Wajahnya terlihat putus asa, air mata menodai wajahnya saat ia bersusah payah menuju dapur. Ia mengulurkan tangan dan menarik laci di sana hingga terbuka. Mata sapphirenya perlahan memeriksa isi laci itu. Pisau tajam yang ada di dalam seakan mengejek keberadaannya. Ia mengambilnya dan menatapnya tanpa ekspresi, sebelum ia jatuh terduduk di lantai. Tangannya yang memegang pisau semakin turun menuju pergelangan tangan kirinya, menggantung di sana dan siap memutus nadinya.

"Jadi inilah akhirnya... Pada akhirnya tidak akan ada kebahagiaan untukku..."

Menutup matanya, ia merasakan logam dingin itu mulai mengiris kulitnya, merobeknya dengan kecepatan lambat secara dramatis sampai cairan berwarna merah mengalir keluar ...

"Jangan!"

Segera, matanya terbuka dan pisau yang ada di genggamannya jatuh ke lantai.

Itu suaranya.

Suara yang sama yang memanggilnya keluar dari kegelapan. Sekali lagi, ia kembali mendengar suara ini...Suara yang sangat ia rindukan... Suara yang paling ingin didengar olehnya...

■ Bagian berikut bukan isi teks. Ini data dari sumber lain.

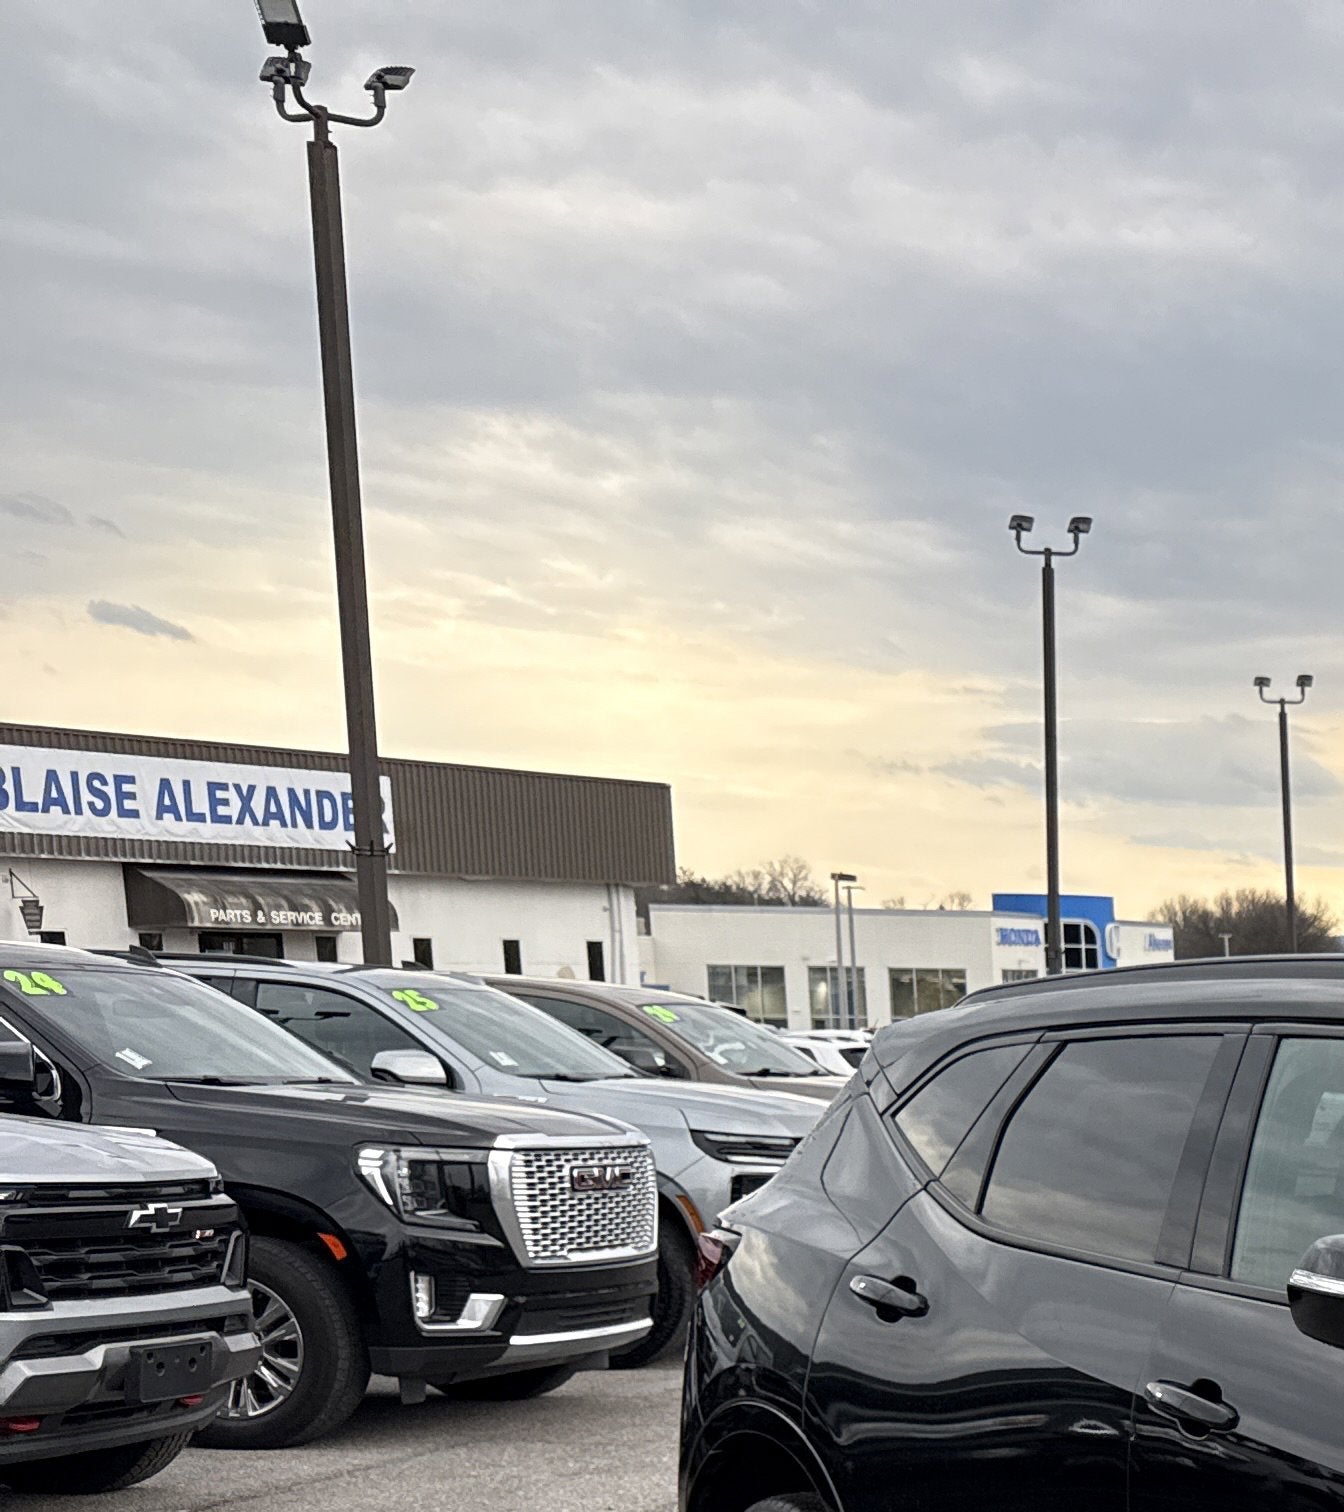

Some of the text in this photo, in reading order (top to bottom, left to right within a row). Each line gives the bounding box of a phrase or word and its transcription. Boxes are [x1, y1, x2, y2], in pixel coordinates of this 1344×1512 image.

[209, 908, 362, 926] PARTS & SERVICE CENT
[571, 1164, 634, 1191] GMC
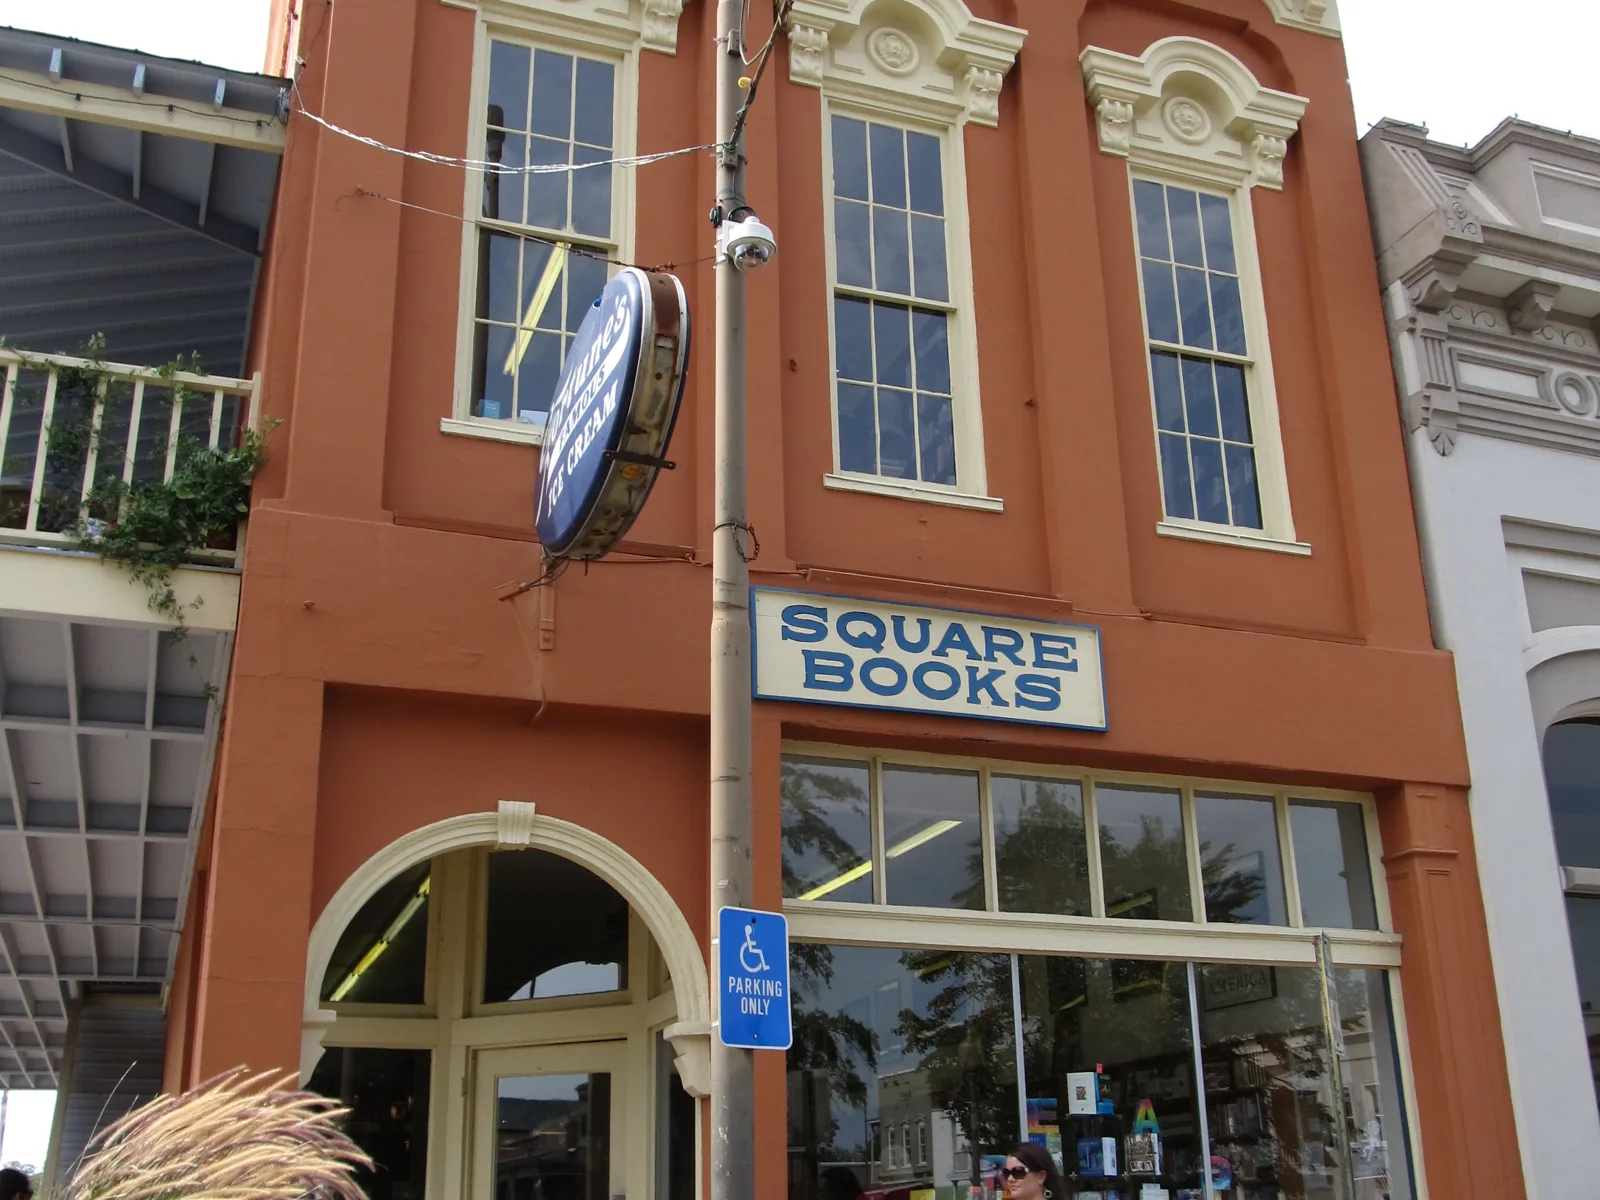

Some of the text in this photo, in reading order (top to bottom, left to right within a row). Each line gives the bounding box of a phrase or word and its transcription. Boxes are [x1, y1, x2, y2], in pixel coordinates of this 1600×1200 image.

"Jangan! Jangan sampai kau kehilangan harapanmu! Jangan biarkan putus asa menang atas dirimu! Berjanjilah padaku dan akan segera datang hari dimana kita akan bertemu lagi dan kau akan memiliki kepercayaan diri untuk mengatakan bahwa kau telah berhasil melalui semua ini dan kau harus menjalani hidup sebaik-baiknya. Jadi jangan menyerah! "

Suara malaikat...

Air mata mulai menggenang di pelupuk matanya saat mengingat kata-katanya. Apa yang ia pikirkan, menyerah terhadap hidupnya dengan cara seperti ini. Bukankah ia sudah berjanji, bahwa ia akan baik-baik saja, bahwa ia akan tetap hidup, bahwa ia akan tetap bertahan bagaimanapun keadaannya...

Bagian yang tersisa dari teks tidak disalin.